Right now there is record low number of houses are available on the market and the aforementioned numbers are largely to blame. After all, if there are no homes to buy, no new mortgages will be signed.

It could also be that some buyers are finally starting to retreat given how house prices have been rising during the pandemic. Low inventory levels have driven prices soaring and many homes are forced to bid, causing buyers to spend even more trying to outperform each other to get their bids accepted.

The value of new-build homes has also risen, in part due to a severe shortage of lumber, which has led to a spike in building material prices. During these days, new buildings cost about $ 36,000 more, on average, which underestimates some buyers.

Overall, the combination of low housing stock and high house prices is likely to deter buyers, and mortgage rates themselves are far from the reason the volume of mortgages is declining.

What about refinancing?

Refinancing the number of applications also declined last week, despite a slight decrease in mortgage rates. The reality is that many homeowners looking to refinance did so last year when refinancing rates were extremely attractive. While they are now quite competitive on a historical basis, they did not hit the record lows they did in the second half of 2020.

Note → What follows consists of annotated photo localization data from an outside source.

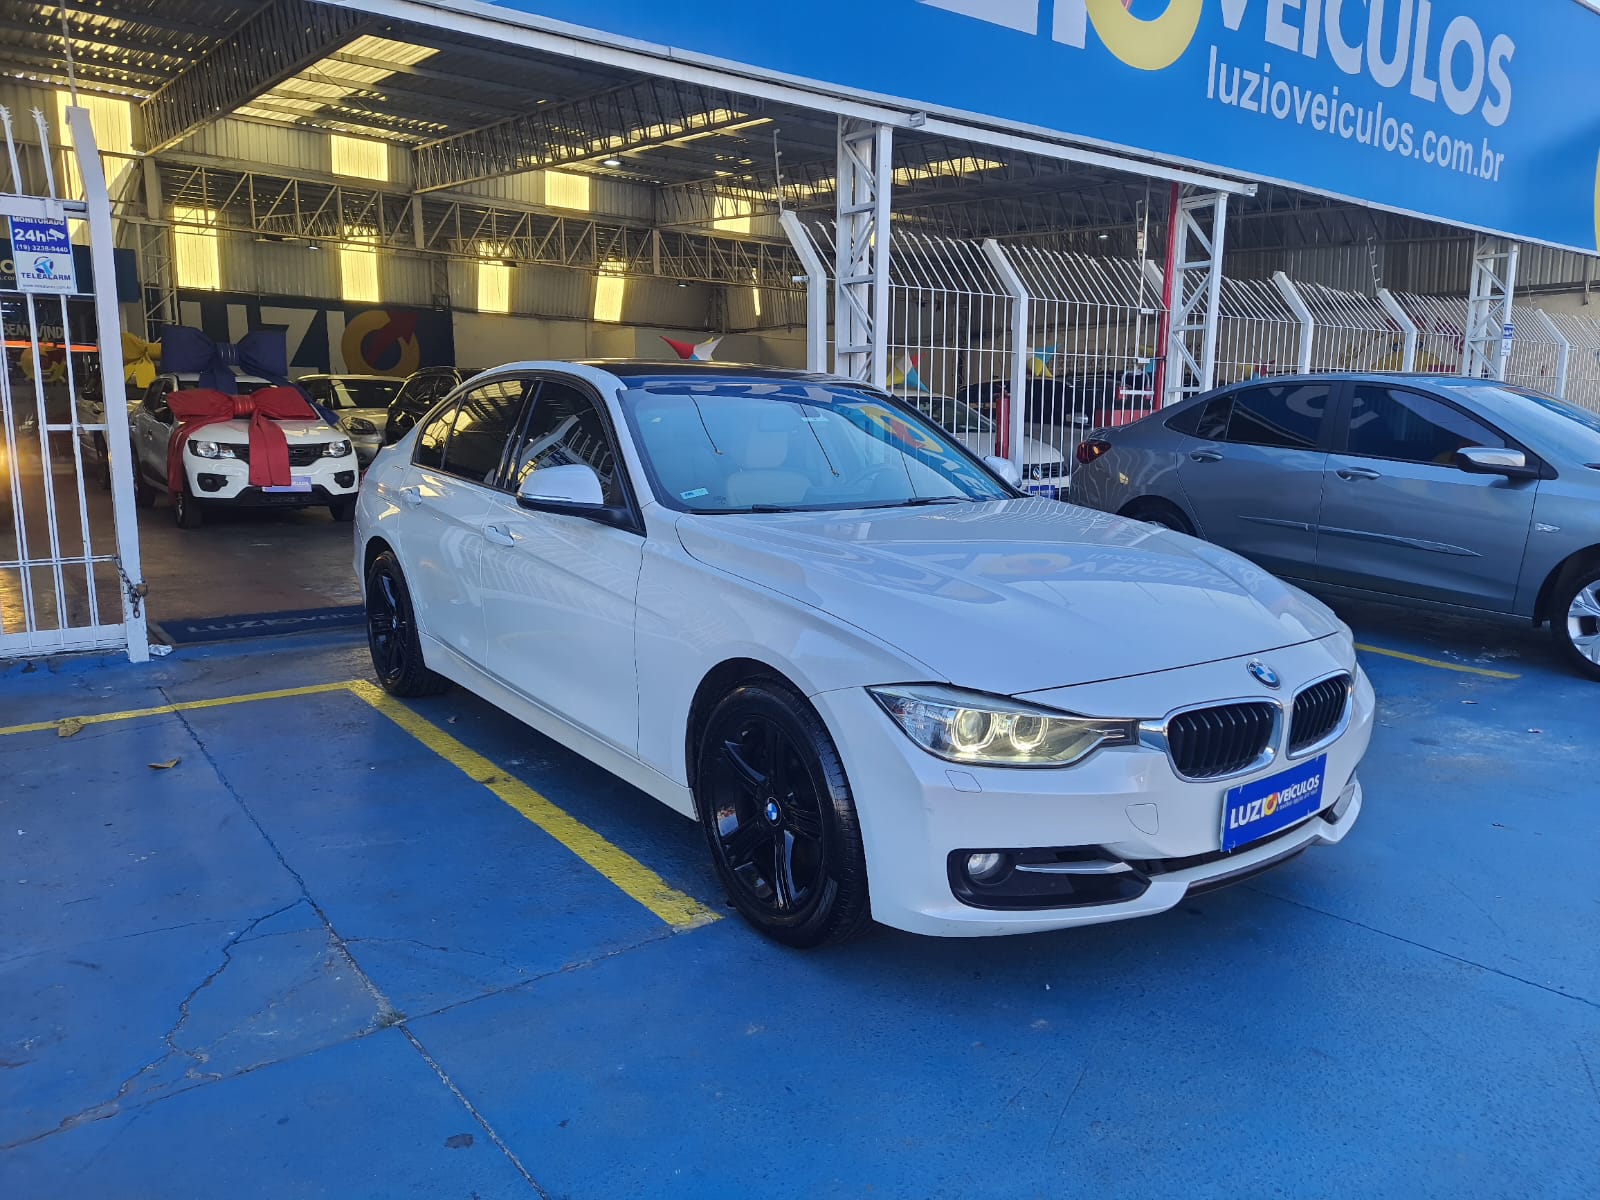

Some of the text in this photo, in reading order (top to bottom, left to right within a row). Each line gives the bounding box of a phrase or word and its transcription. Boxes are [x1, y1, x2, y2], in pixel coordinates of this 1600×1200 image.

[1221, 0, 1516, 127] ICULOS
[1206, 45, 1505, 182] luzioveiculos.com.br
[14, 228, 46, 242] 24h
[21, 272, 71, 280] TELEALARM
[38, 325, 71, 339] VIND
[1229, 792, 1279, 830] LUZIO
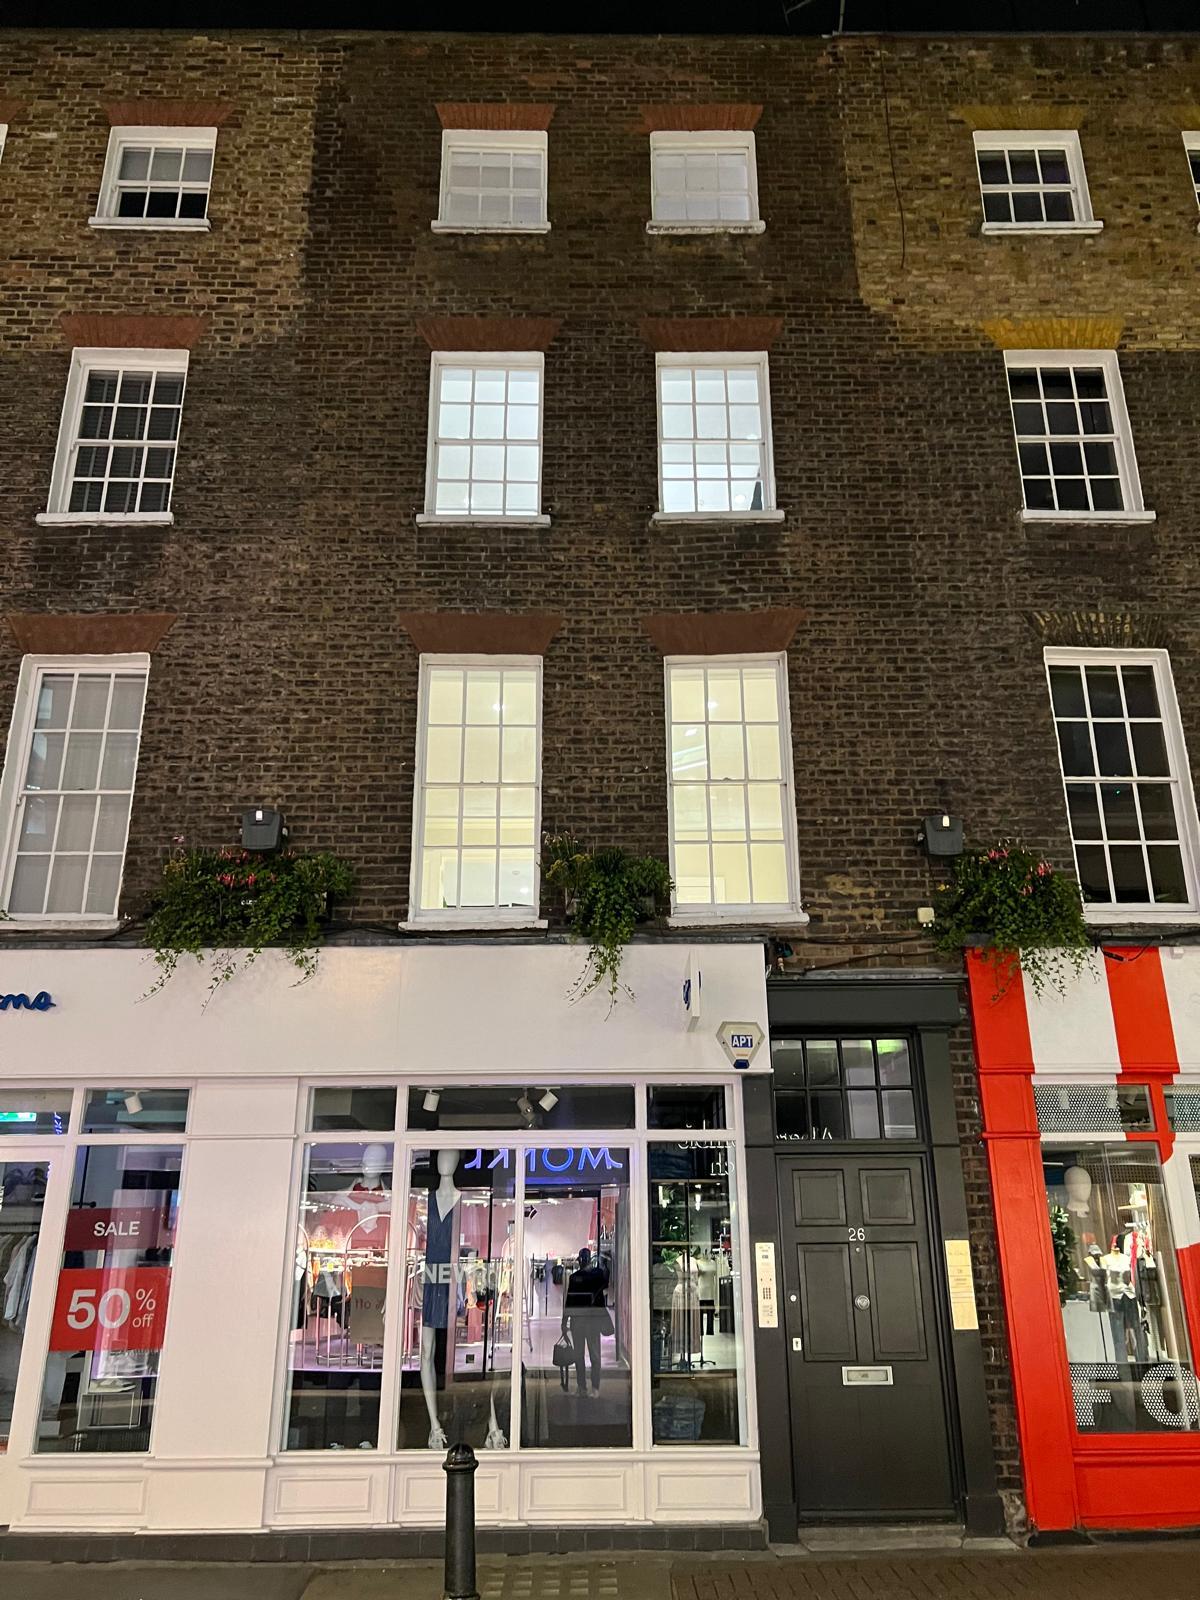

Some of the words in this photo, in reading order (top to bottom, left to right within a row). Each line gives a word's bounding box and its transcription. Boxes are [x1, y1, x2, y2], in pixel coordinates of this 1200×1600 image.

Will the demand for mortgages increase?

If housing stocks open up in the coming months and more offers come to the market, we may see a surge in mortgage volumes, especially if rates remain at or near current levels. But right now, that’s a pretty big if.

New listings usually boom in the spring, but that hasn’t happened this year, and if sellers don’t move in the next few months, many are likely to make the decision to ride out the winter, which can be tricky. time to sell – and list your homes in spring 2022. If this happens, the demand for mortgages may stall for several months before recovering again, and many buyers may find themselves in a loop when they want to buy a home, but I cannot find one that is financially or logistically suitable.

Of course, we don’t know if the usual spring wave will happen instead this summer this year, and it may well be. But until inventories start to rise and house prices begin to fall, mortgage activity is likely to stagnate or even decline, as it did last week.